Au commissaire de police, M. A______ a déclaré qu'il s'opposait à son renvoi au Maroc, sans indiquer de motif. Il était en bonne santé et ne suivait aucun traitement médical.

13.         Le commissaire de police a soumis cet ordre de mise en détention au Tribunal administratif de première instance (ci-après : le tribunal) le même jour.

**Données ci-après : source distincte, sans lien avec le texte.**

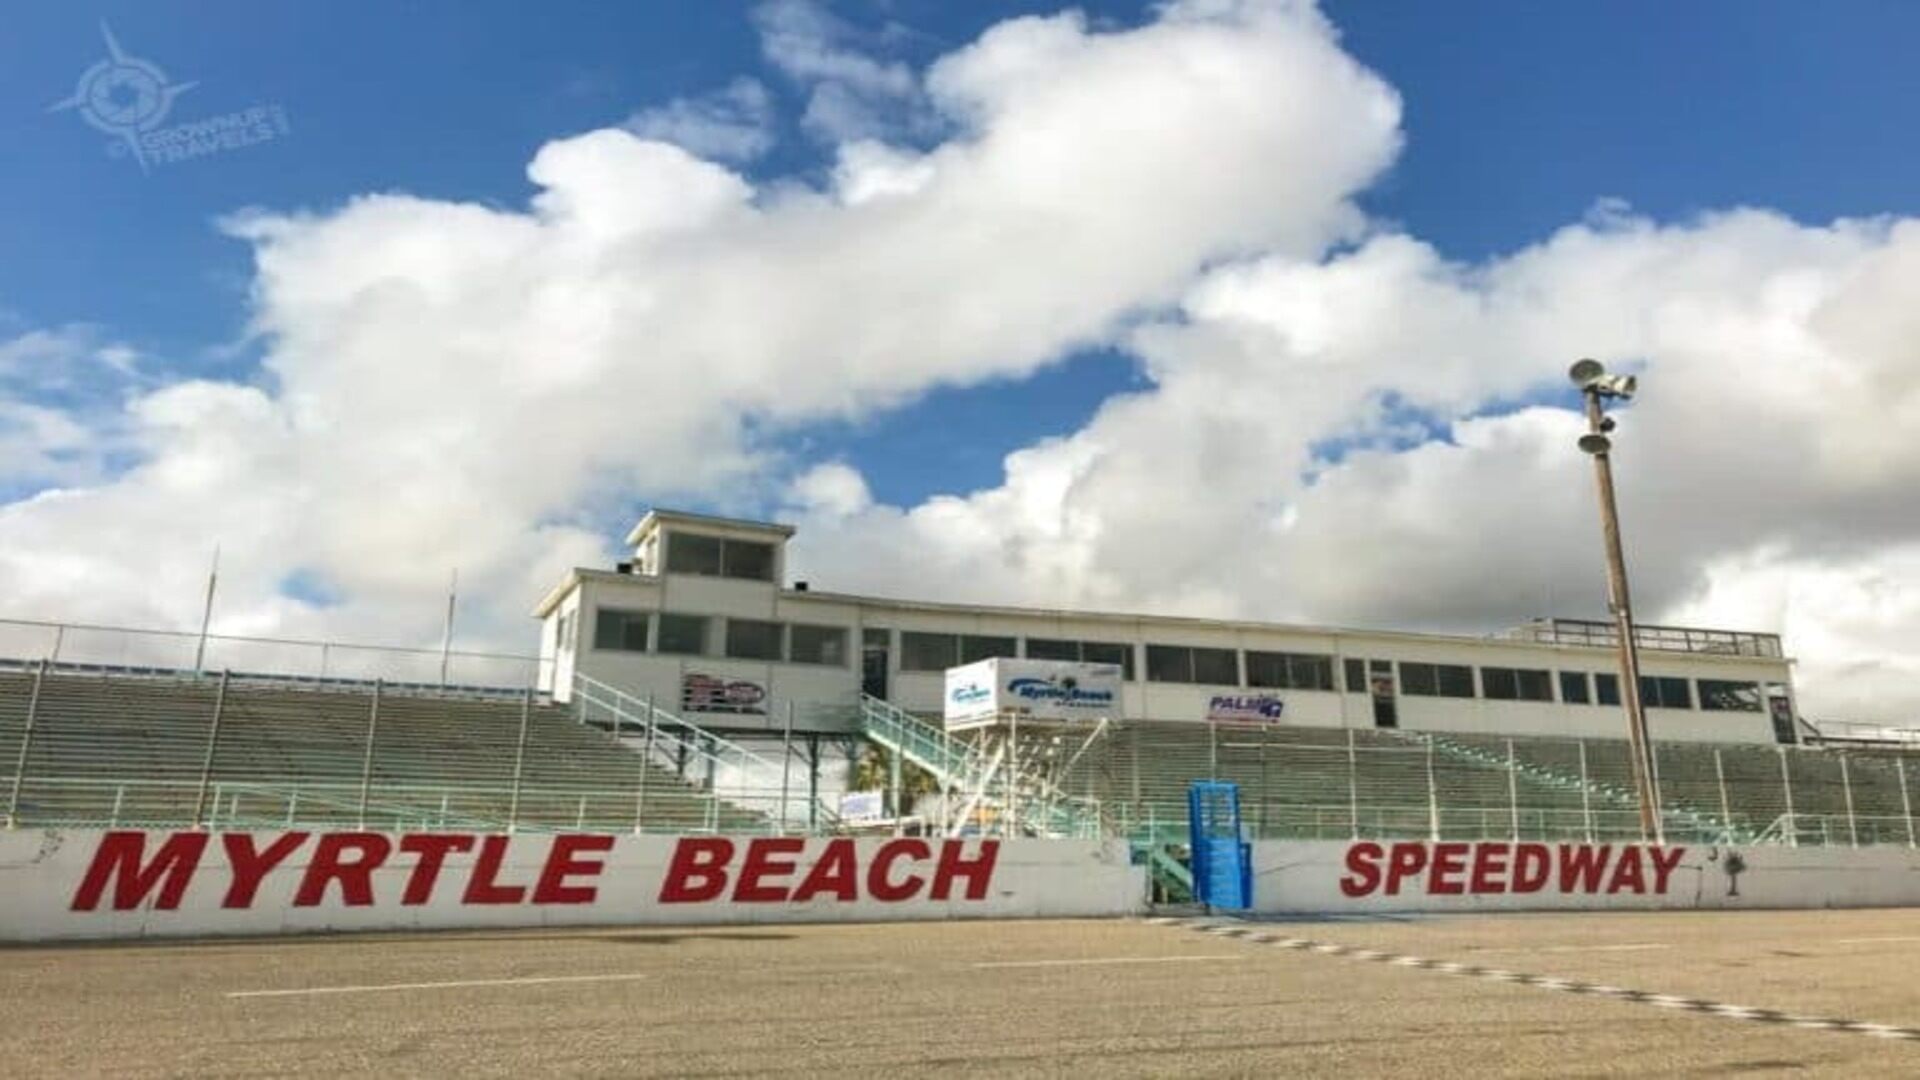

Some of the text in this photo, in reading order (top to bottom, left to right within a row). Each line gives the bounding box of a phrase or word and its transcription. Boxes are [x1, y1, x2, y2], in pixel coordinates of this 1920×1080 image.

[71, 831, 1000, 911] MYRTLE BEACH
[1340, 841, 1686, 898] SPEEDWAY

14.         Entendu le 10 juin 2025 par le tribunal, M. A______ a déclaré qu'il ne savait pas qu'un vol avait été réservé pour lui le 19 juin 2025. Il a confirmé qu'il était opposé à son renvoi au Maroc. Il avait un projet de mariage en Italie avec sa copine, C______, laquelle était domiciliée à ______(Italie). Il n'avait pas encore obtenu d'autorisation de séjour en Italie. Après que le tribunal lui ait rappelé qu'il faisait l'objet de trois mesures d'expulsion judiciaire et que celle prononcée le 3 septembre 2024 avait fait l'objet d'un signalement dans le Service d'information Schengen (SIS) de sorte que, sauf circonstances très particulières, il n'avait pas le droit de séjourner dans un État de l'Espace Schengen jusqu'à l'échéance de cette mesure, il a répondu qu'il le savait. Il était allé en prison plusieurs fois car il n'avait pas de papiers. C'était cependant ce qu'il se passait en théorie. Certains pays régularisaient les sans-papiers.

Après que le tribunal lui ait rappelé, qu'en janvier 2025, il avait expliqué que son intention à sa sortie de prison était de se rendre en France pour y travailler comme jardinier, il a expliqué que la situation avec son amie s'était améliorée et que leur projet de mariage s'était ainsi concrétisé.

S'agissant de sa situation personnelle, il a confirmé ses précédentes déclarations, à savoir : qu'il n'avait ni documents de voyage, ni documents d'identité, qu'il n'avait pas de domicile fixe, aucun moyen de subsistance légal, enfin qu'il n'avait ni ami ni famille ni encore aucune attache avec la Suisse. Sa sœur, son frère et sa tante vivaient en France. Il avait encore de la famille au Maroc. Il n'avait pas d'enfant.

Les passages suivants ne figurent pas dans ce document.